(Dataset entries)
######

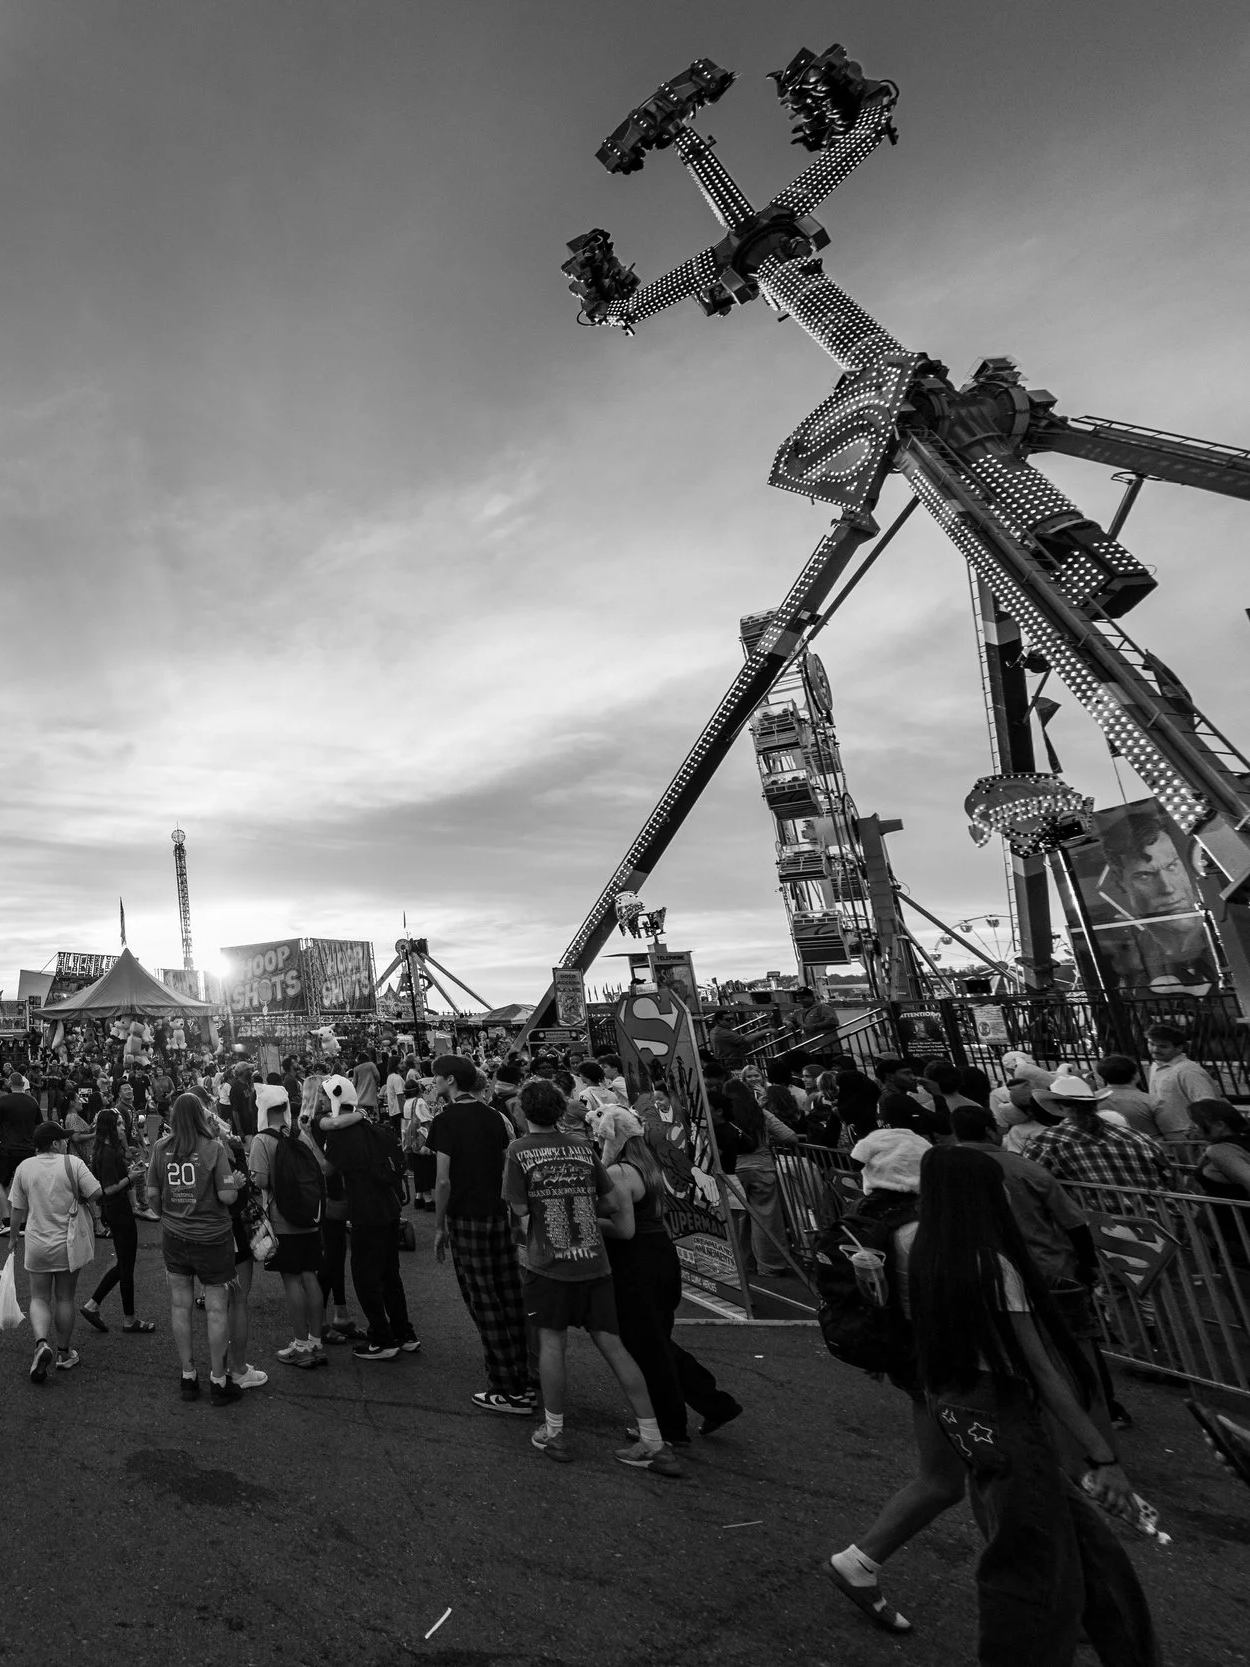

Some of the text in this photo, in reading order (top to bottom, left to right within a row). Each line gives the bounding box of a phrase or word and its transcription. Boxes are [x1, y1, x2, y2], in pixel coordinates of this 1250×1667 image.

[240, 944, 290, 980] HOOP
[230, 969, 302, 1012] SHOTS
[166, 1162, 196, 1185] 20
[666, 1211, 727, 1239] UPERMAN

######

What needs to be done -
The records must be restated word for word, apart from any images.

Problem solution -
Some of the text in this photo, in reading order (top to bottom, left to right within a row). Each line gives the bounding box of a phrase or word and its transcription. Boxes are [x1, y1, x2, y2], in pixel coordinates of this 1250×1667 image.

[240, 944, 290, 980] HOOP
[230, 969, 302, 1012] SHOTS
[166, 1162, 196, 1185] 20
[666, 1211, 727, 1239] UPERMAN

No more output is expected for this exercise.